J enni war eine Puppe.
    Sie lag im kalten Schlamm und blickte nach oben. Das Licht schwankte in weiter Ferne, auf der Wasserfläche, wo die Sonne deutlich umgrenzt und rund war. Von hier aus betrachtet, verschwamm sie zu einem schönen lebendigen Flimmern, dessen Wärme nicht in das kühle Zwielicht vordrang, in dem Jenni ruhte.
    Verdammte beschissene Kacke, ich schlag …

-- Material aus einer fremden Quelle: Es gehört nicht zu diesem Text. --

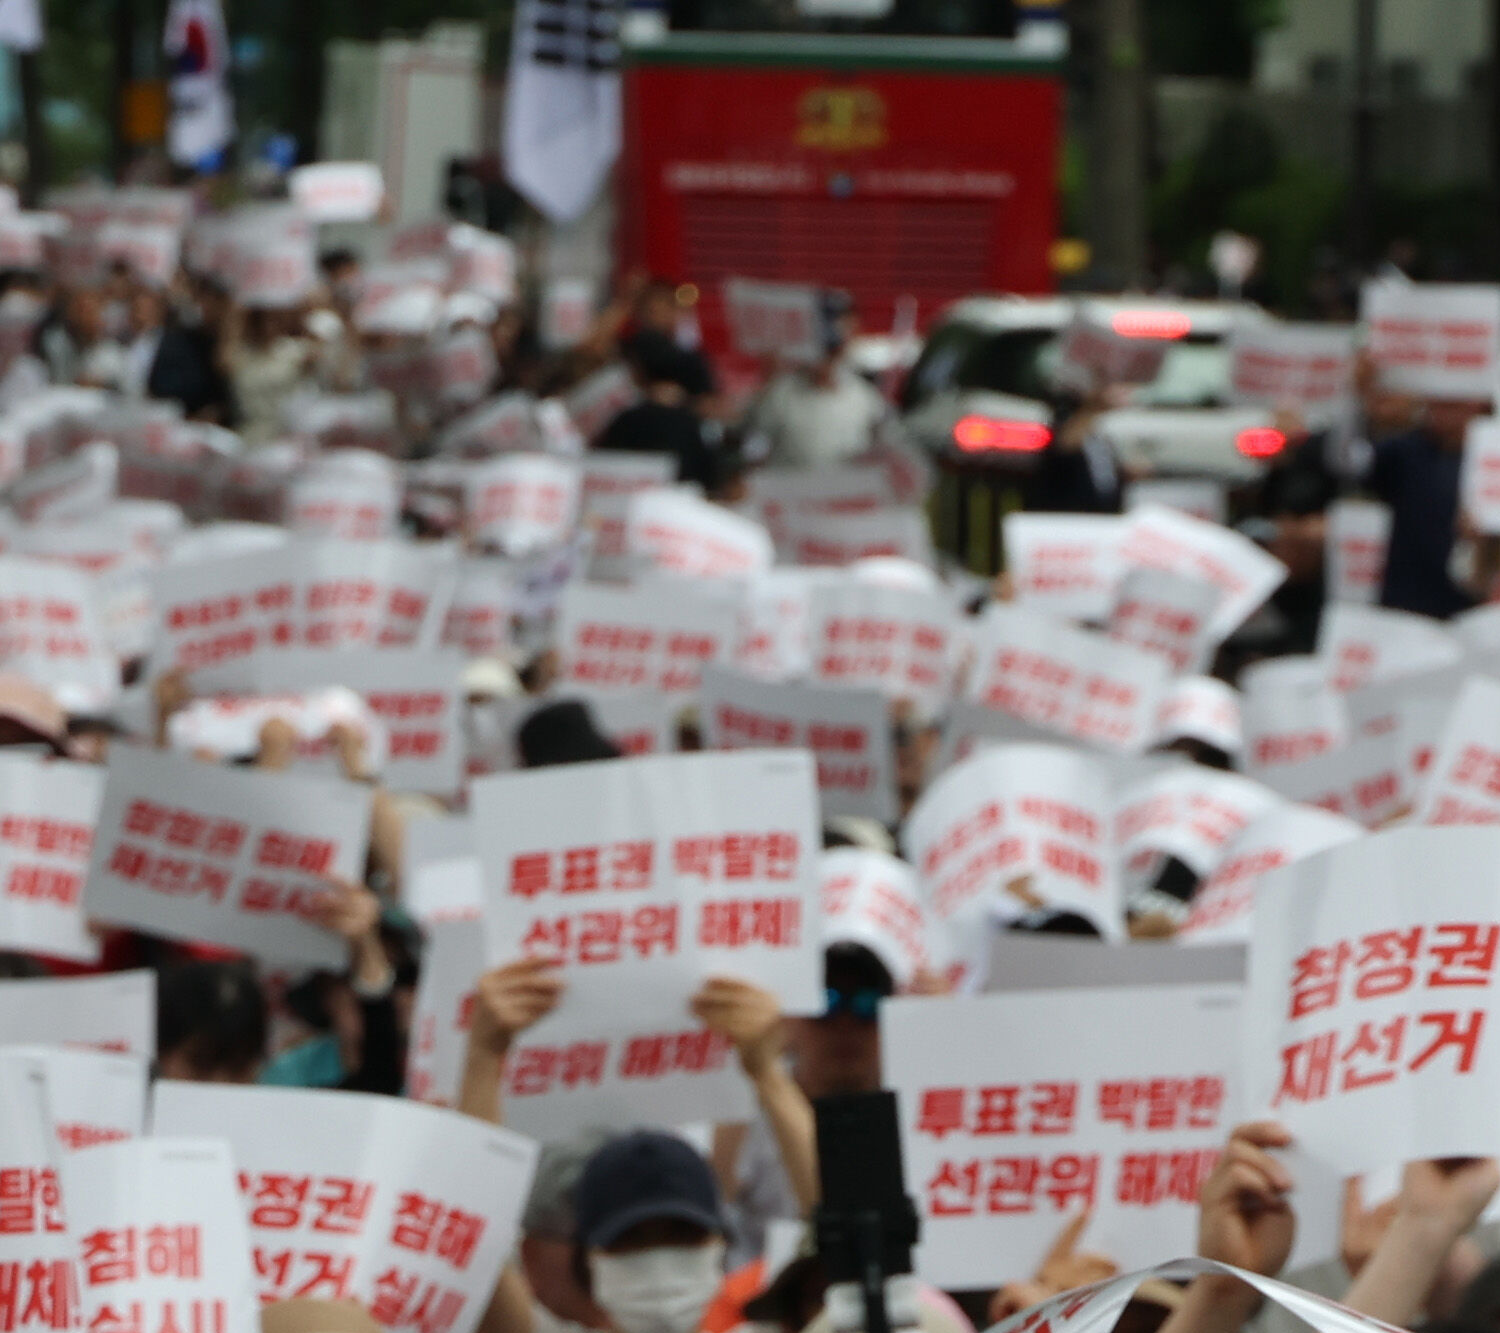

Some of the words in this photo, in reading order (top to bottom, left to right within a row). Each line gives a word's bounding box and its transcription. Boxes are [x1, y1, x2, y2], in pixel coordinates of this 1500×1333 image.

[8, 868, 80, 904] 해체
[511, 844, 652, 898] 투표권
[676, 834, 797, 880] 박탈한
[242, 870, 333, 924] 실시
[518, 906, 678, 968] 선관위
[702, 900, 802, 947] 해체!
[505, 1044, 606, 1094] 관위
[1272, 1010, 1486, 1106] 재선거
[919, 1084, 1076, 1138] 투표권
[1099, 1078, 1221, 1129] 박탈한
[930, 1155, 1098, 1216] 선관위
[1119, 1152, 1203, 1204] 해체
[238, 1174, 372, 1233] 정권
[392, 1194, 484, 1267] 침해
[84, 1228, 198, 1285] 침해
[254, 1249, 352, 1300] 선거
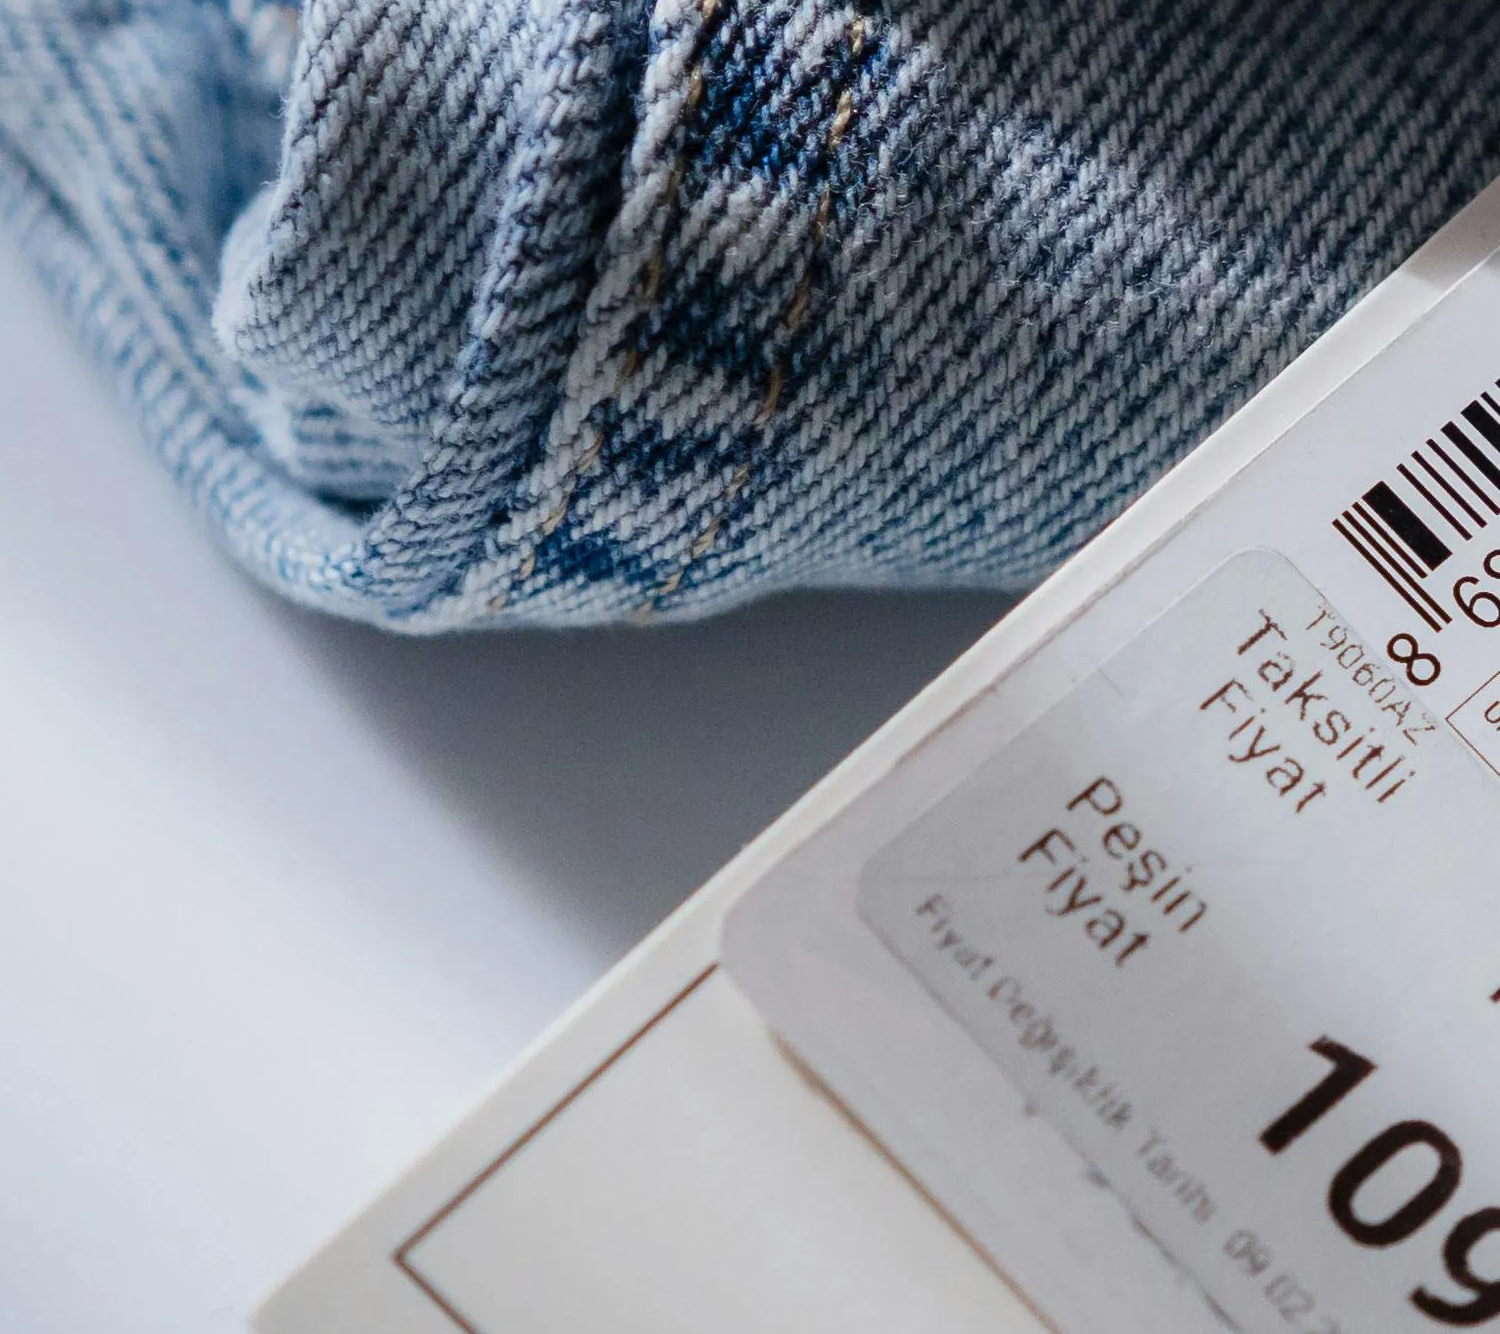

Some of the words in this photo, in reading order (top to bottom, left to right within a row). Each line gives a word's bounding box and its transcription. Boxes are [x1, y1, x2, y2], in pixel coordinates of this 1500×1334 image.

[1199, 678, 1327, 814] Fiyat
[1237, 608, 1416, 804] Taksitli
[1017, 827, 1151, 968] Fiyat
[1065, 775, 1208, 934] Peşin
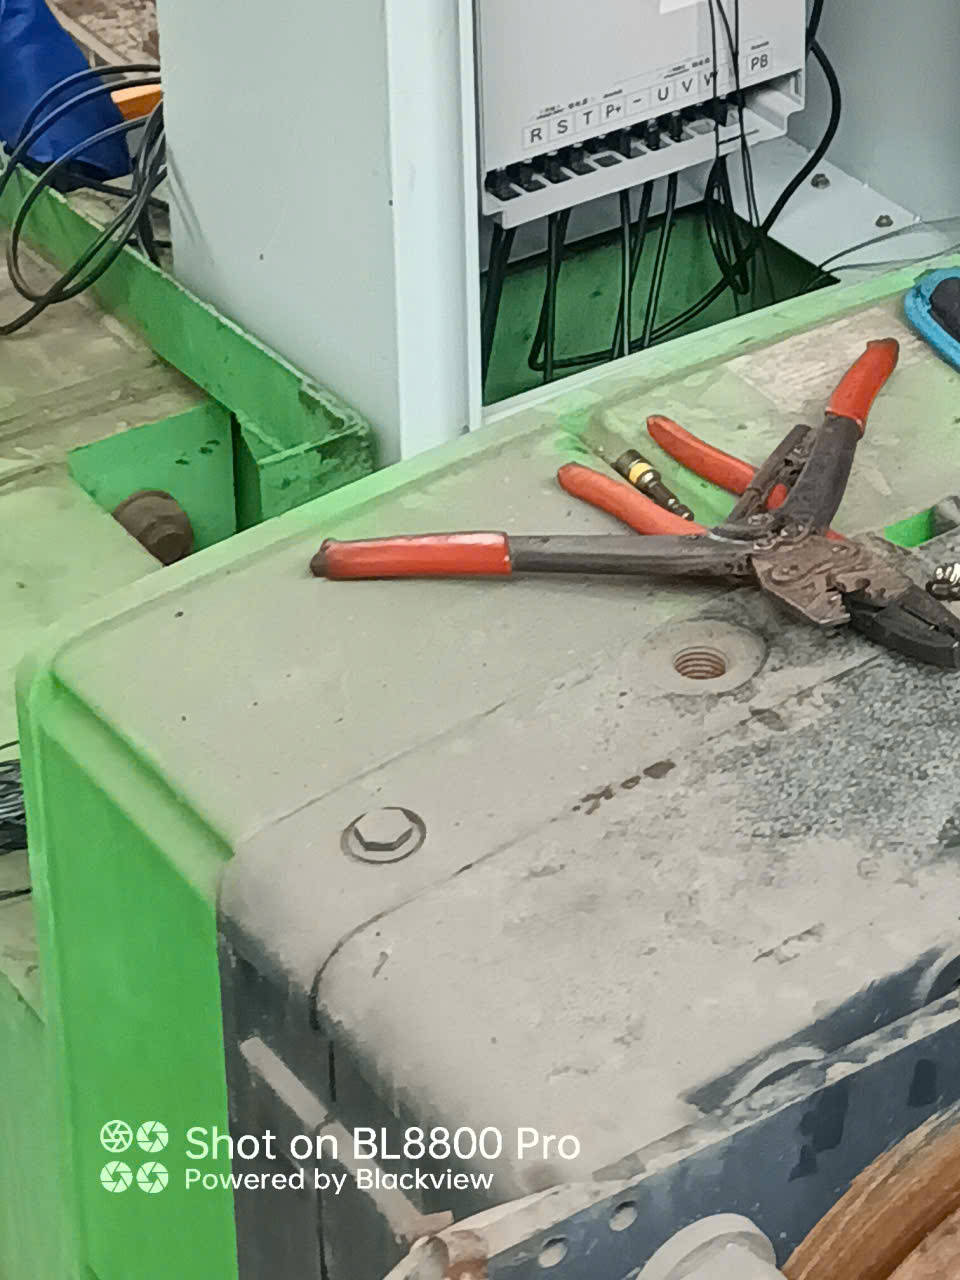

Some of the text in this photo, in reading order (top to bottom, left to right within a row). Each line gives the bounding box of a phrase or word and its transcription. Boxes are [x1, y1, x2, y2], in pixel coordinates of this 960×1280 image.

[530, 127, 543, 143] R
[557, 120, 568, 134] S
[583, 111, 593, 125] T
[657, 86, 669, 101] U
[682, 78, 693, 93] V
[750, 54, 768, 70] PB

    Miros Stimme kam von weit her. Jenni wollte ihm sagen, er dürfe nicht fluchen, doch sie hatte keine Kraft. Sie betrachtete nur das Licht, das nun stärker wurde. Kopf, Rücken und Gliedmaße lösten sich aus dem Schlamm. Eine unsichtbare Kraft hob sie in die Helligkeit.
    Miro, Liebling …
    Inas Stimme. Sie trieb Jenni dazu an, immer schneller zum Licht aufzusteigen. Der Schmerz an ihren Schläfen, in Armen und Beinen wurde heftiger. Jenni sog Wasser in die Lunge, atmete schwer und würgend. Ihr Blick wurde klarer. Eine brennende Kerze. Nicht die Sonne, sondern eine Flamme, die unruhig brannte. Langsam erschien um sie herum ein Zimmer. Ein Tisch, ein Fenster, das Meer. In der Fensterscheibe spiegelte sich eine Bewegung.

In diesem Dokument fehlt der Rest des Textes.